Jessica first lays eyes on Felix when he is performing at The Ivy House in Nunhead, south east London. This specific pub was in the original script as it ‘has great sentimental value to both Lena and Luis’ according to Nick. Luis has said that 'the place that Jessica and Felix meet was actually the first club that I ever played at'. He wrote the songs for the show, but Will Sharpe sung and performed them (he has also been flexing his musical muscles preparing to play Mozart in a new TV series). Another local spot where Felix's band play is at Dash The Henge record shop in Camberwell.
The pastel houses of this west London neighbourhood can be seen when Jessica takes Felix to her posh boss's house for dinner. This was a private house that was hired out for filming both the interior and exterior. The iconic blue door at 280 Westbourne Park Road from Notting Hill can also be spotted earlier in the episode as Jessica poses for a photo outside it, just as countless others have over the years since the film's release.
The streets of Maida Vale and Soho, Regent's Canal, and Parliament Hill are other places in London that were used for filming.
The opulent, stately home where the lavish wedding of Felix's school friend takes place is at Englefield, near Reading. This location was selected by Nick and was perhaps his favourite of the series. He says 'I knew immediately that that location ticked all the boxes. And even though we did offer up some other locations, it was clear from the outset that Englefield Estate was always going to be the standout option, particularly because it's such a magnificent property'. Almost the whole episode happens there and the scale of the wedding set-up was particularly immense, with a huge amount of extras needed on set; ‘to see all that come together was very gratifying’, he adds. The wedding setting of the episode is a nod to another classic Richard Curtis rom-com, Four Weddings and a Funeral.
The big Christmas ad that Jessica is producing is to be directed by Andrew Scott's narcissistic and difficult director character. The team go location scouting in the quaint, typically English village of Hambleden in Buckinghamshire, one of Nick's ‘favourite villages’, which Scott's character ultimately decides is too quaint for his high-concept ad. So Nick had the interesting, self-reflexive task of having to location scout for a scene depicting his exact job on-screen.
The Grade I-listed Tudor manor house near Windsor makes an appearance as the inn where the characters stay during their location recce.
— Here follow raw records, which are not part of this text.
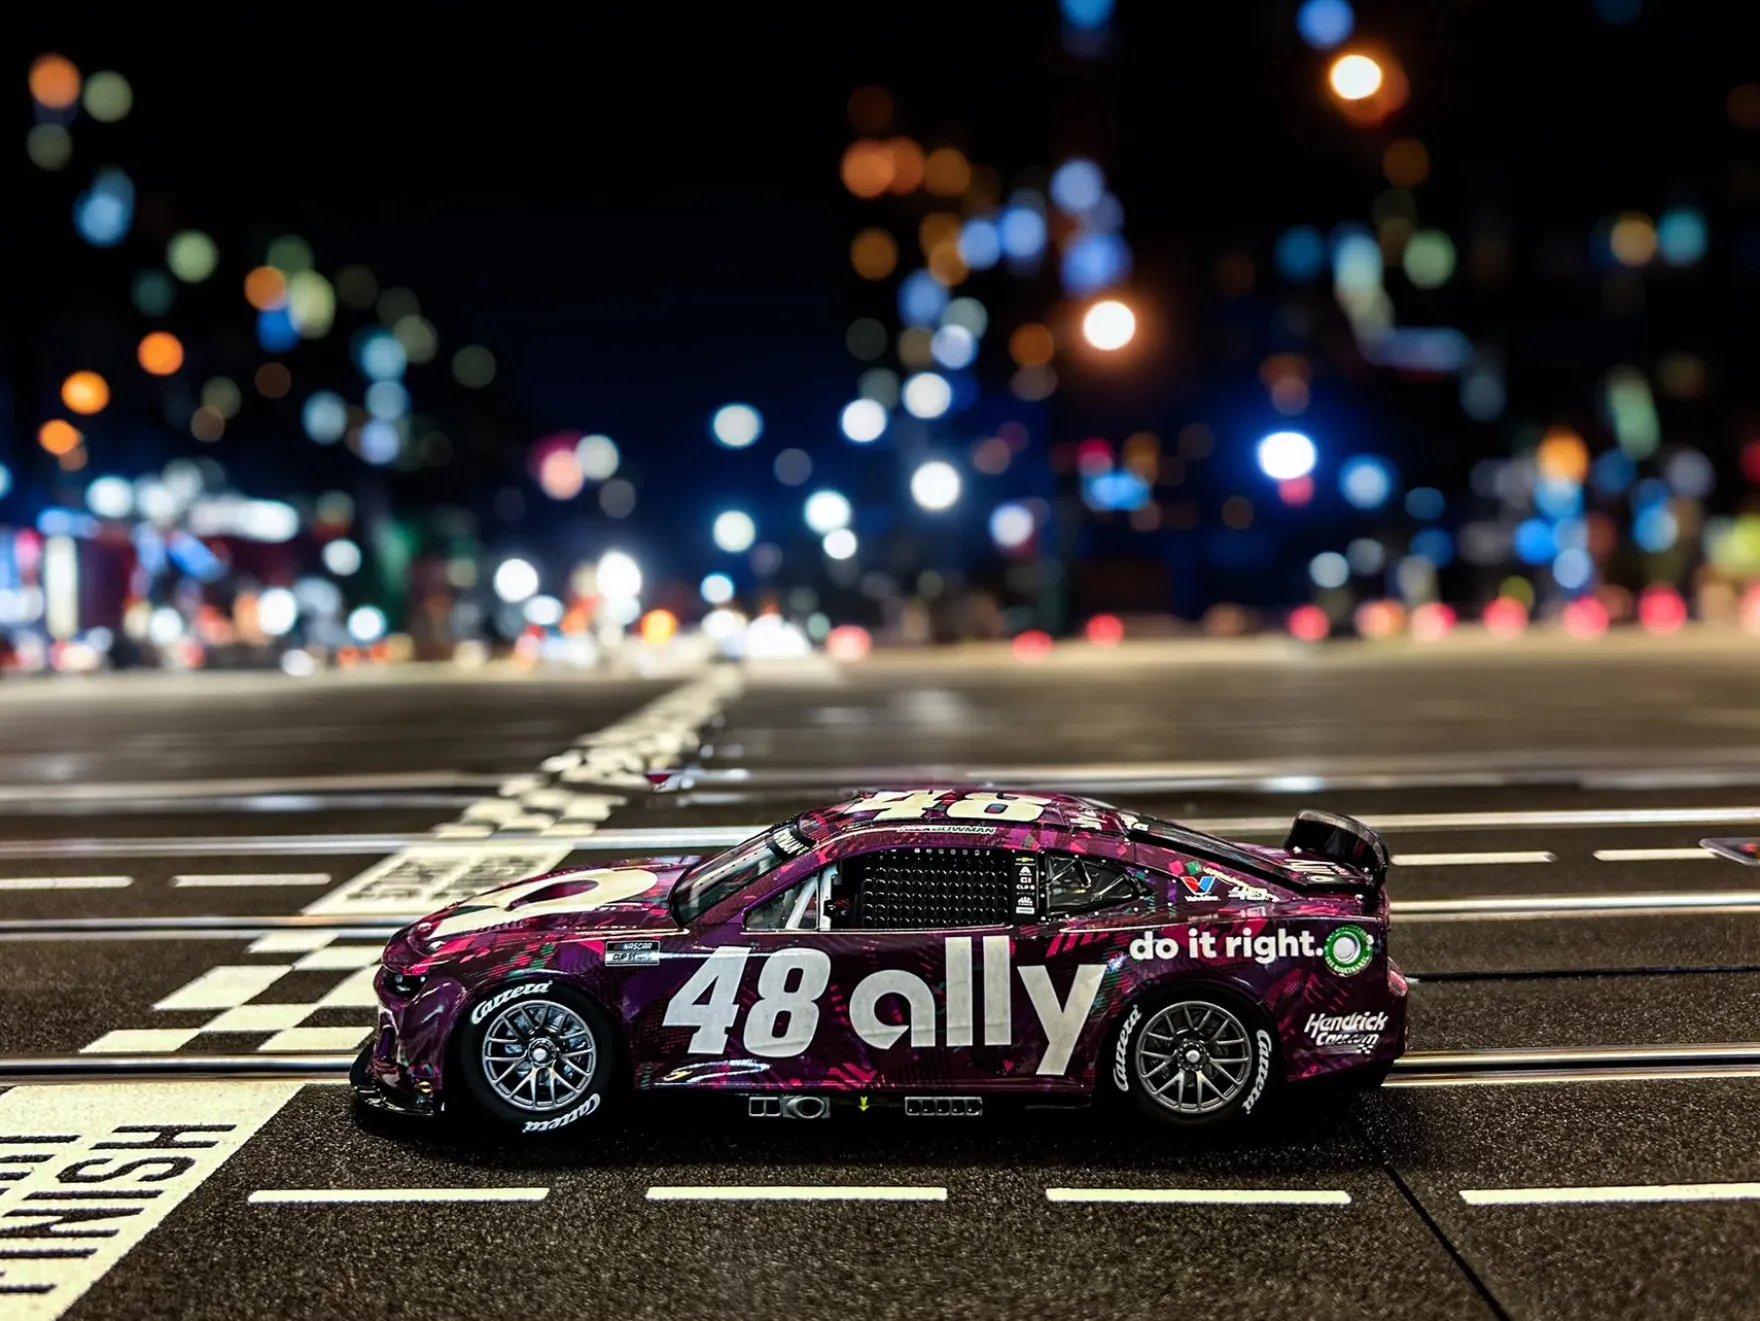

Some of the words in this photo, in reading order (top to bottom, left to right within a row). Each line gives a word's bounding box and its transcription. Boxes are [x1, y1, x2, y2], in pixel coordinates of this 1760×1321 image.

[1129, 931, 1179, 960] do
[1188, 927, 1216, 959] it
[1226, 927, 1324, 964] right.
[471, 980, 553, 1024] Carrera
[662, 945, 832, 1058] 48
[849, 935, 1107, 1075] ally
[1303, 1011, 1389, 1038] Hendrick
[1113, 1004, 1142, 1092] Carrera
[1242, 1029, 1272, 1114] Carrera
[522, 1093, 601, 1133] Carrera
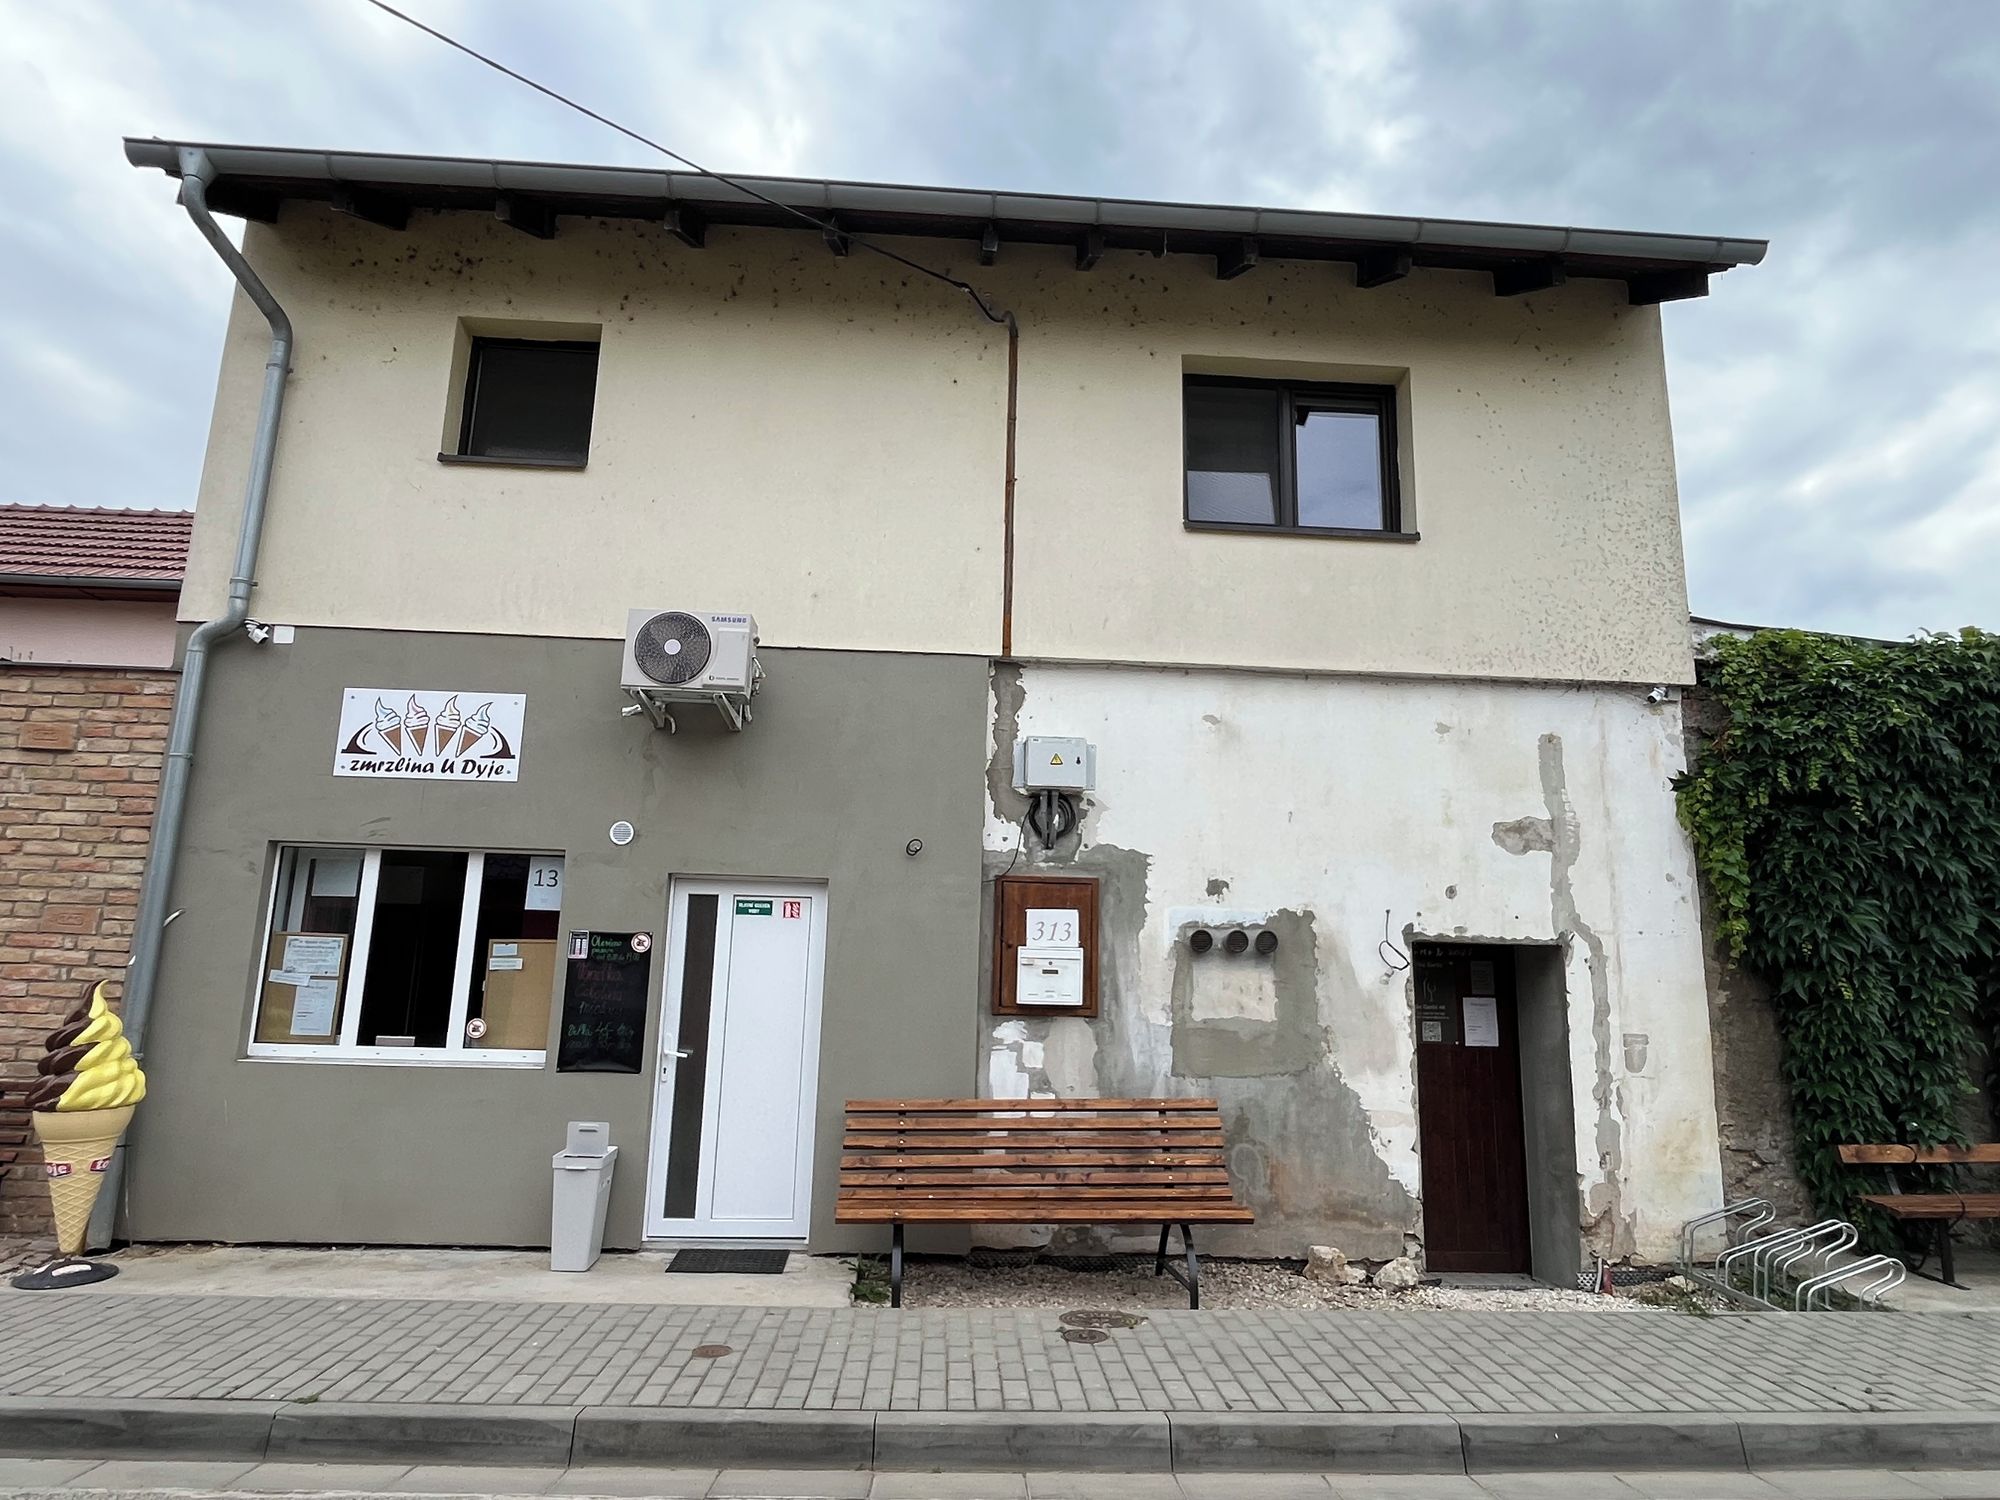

Many other films and series have been shot at Dorney Court, from Bridgerton to Agatha Christie adaptations.
This historic pub is over 900 years old, thought to be one of the oldest in the country. It is the pub that Jessica and Andrew Scott's characters head to for a drink after their day of location scouting. The charmingly preserved interiors have also been seen in Hot Fuzz, The Theory of Everything and last year's Mary & George series.
Other scenes outside of London were filmed at private residences in Oxfordshire and Hayes for flashbacks to Felix's grand childhood home and his parents' current, more ordinary house that he goes to visit in one episode.